[PROVIDED RECORDS Boundary: Start]
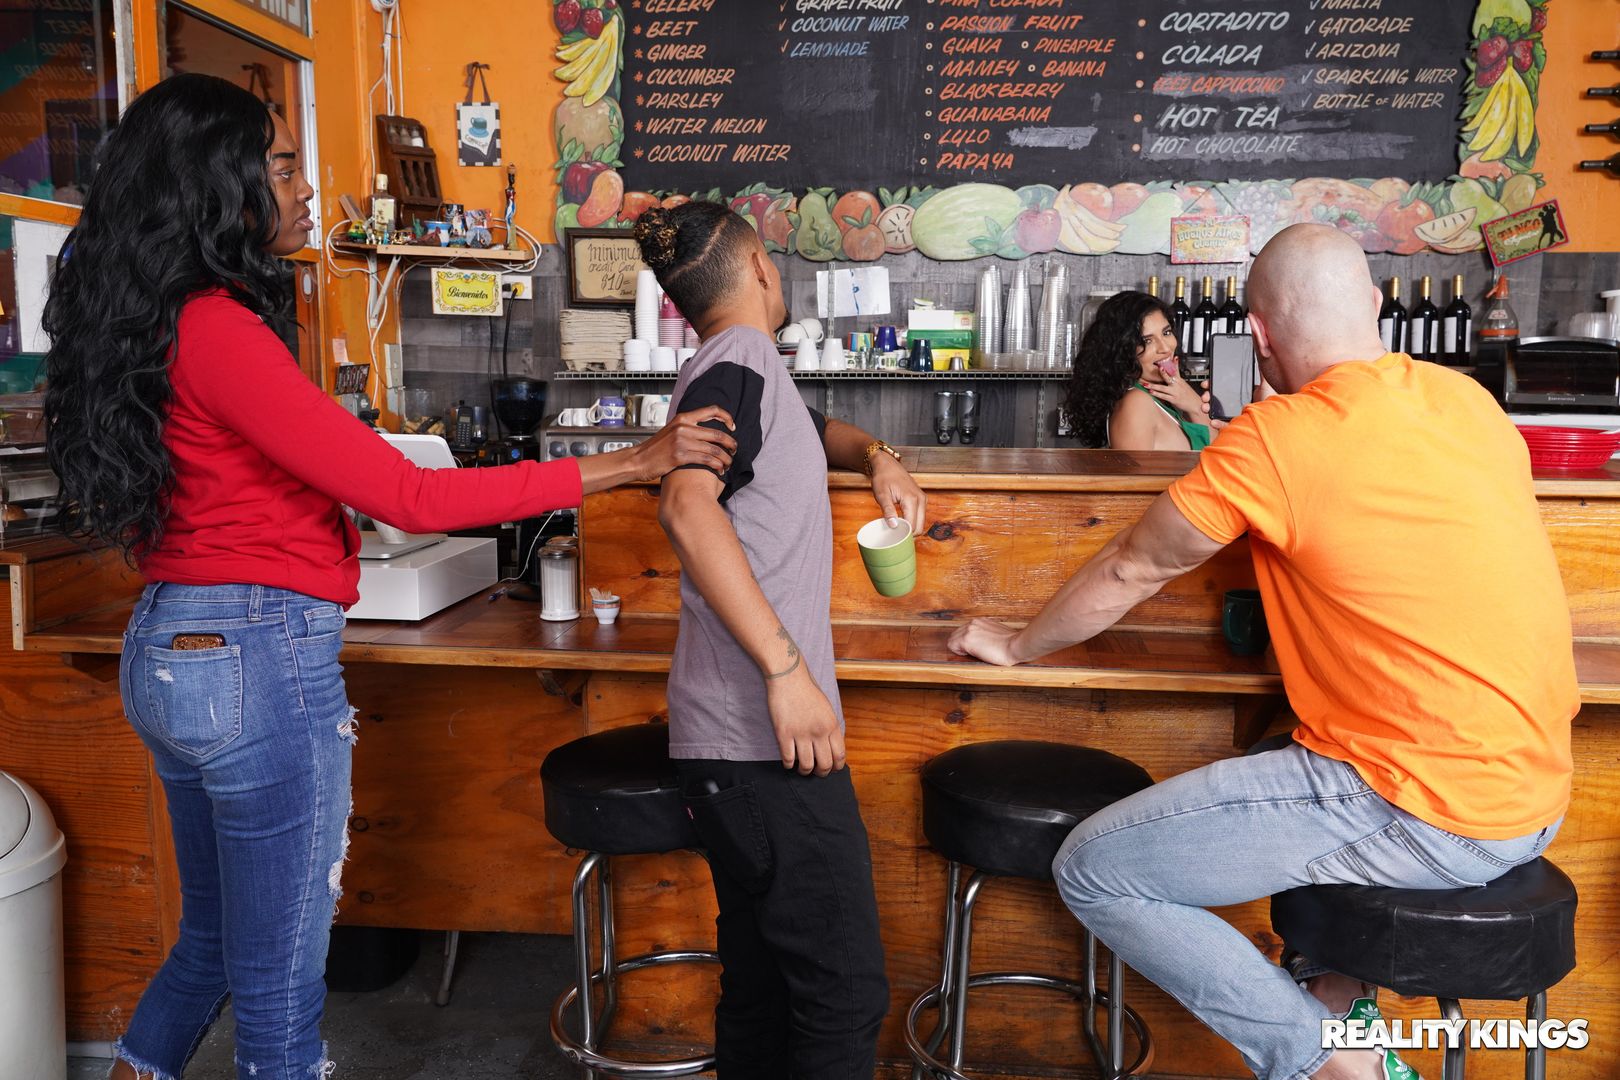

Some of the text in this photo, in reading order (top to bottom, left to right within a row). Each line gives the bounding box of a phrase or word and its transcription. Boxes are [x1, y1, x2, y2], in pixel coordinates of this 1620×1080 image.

[645, 0, 715, 13] CELERY
[646, 21, 698, 38] BEET
[791, 15, 910, 33] COCONUT WATER
[939, 15, 1083, 32] PASSION FRUIT
[1159, 11, 1290, 34] CORTADITO
[1318, 17, 1414, 38] GATORADE
[646, 44, 707, 61] GINGER
[790, 41, 870, 58] LEMONADE
[942, 37, 1003, 56] GUAVA
[1033, 37, 1116, 54] PINEAPPLE
[1315, 42, 1401, 60] ARIZONA
[1161, 44, 1264, 66] COLADA
[646, 67, 735, 86] CUCUMBER
[940, 59, 1020, 78] MAMEY
[1042, 60, 1107, 78] BANANA
[1314, 67, 1458, 86] SPARKLING WATER
[939, 82, 1065, 100] BLACKBERRY
[1192, 76, 1286, 94] CAPPUCCINO
[646, 92, 723, 110] PARSLEY
[1313, 93, 1371, 110] BOTTLE
[1390, 93, 1445, 110] WATER
[938, 106, 1052, 124] GUANABANA
[1159, 105, 1280, 129] HOT TEA
[645, 117, 767, 135] WATER MELON
[938, 128, 991, 147] LULO
[1150, 135, 1302, 154] HOT CHOCOLATE
[647, 144, 791, 162] COCONUT WATER
[936, 152, 1015, 170] PAPAYA
[447, 286, 489, 300] Bienvenidos
[PROVIDED RECORDS Boundary: End]
TASK REQUIREMENTS. Once the pictures are set aside, repeat the remaining data word for word.

SOLUTION.
Some of the text in this photo, in reading order (top to bottom, left to right within a row). Each line gives the bounding box of a phrase or word and its transcription. Boxes are [x1, y1, x2, y2], in pixel coordinates of this 1620×1080 image.

[645, 0, 715, 13] CELERY
[646, 21, 698, 38] BEET
[791, 15, 910, 33] COCONUT WATER
[939, 15, 1083, 32] PASSION FRUIT
[1159, 11, 1290, 34] CORTADITO
[1318, 17, 1414, 38] GATORADE
[646, 44, 707, 61] GINGER
[790, 41, 870, 58] LEMONADE
[942, 37, 1003, 56] GUAVA
[1033, 37, 1116, 54] PINEAPPLE
[1315, 42, 1401, 60] ARIZONA
[1161, 44, 1264, 66] COLADA
[646, 67, 735, 86] CUCUMBER
[940, 59, 1020, 78] MAMEY
[1042, 60, 1107, 78] BANANA
[1314, 67, 1458, 86] SPARKLING WATER
[939, 82, 1065, 100] BLACKBERRY
[1192, 76, 1286, 94] CAPPUCCINO
[646, 92, 723, 110] PARSLEY
[1313, 93, 1371, 110] BOTTLE
[1390, 93, 1445, 110] WATER
[938, 106, 1052, 124] GUANABANA
[1159, 105, 1280, 129] HOT TEA
[645, 117, 767, 135] WATER MELON
[938, 128, 991, 147] LULO
[1150, 135, 1302, 154] HOT CHOCOLATE
[647, 144, 791, 162] COCONUT WATER
[936, 152, 1015, 170] PAPAYA
[447, 286, 489, 300] Bienvenidos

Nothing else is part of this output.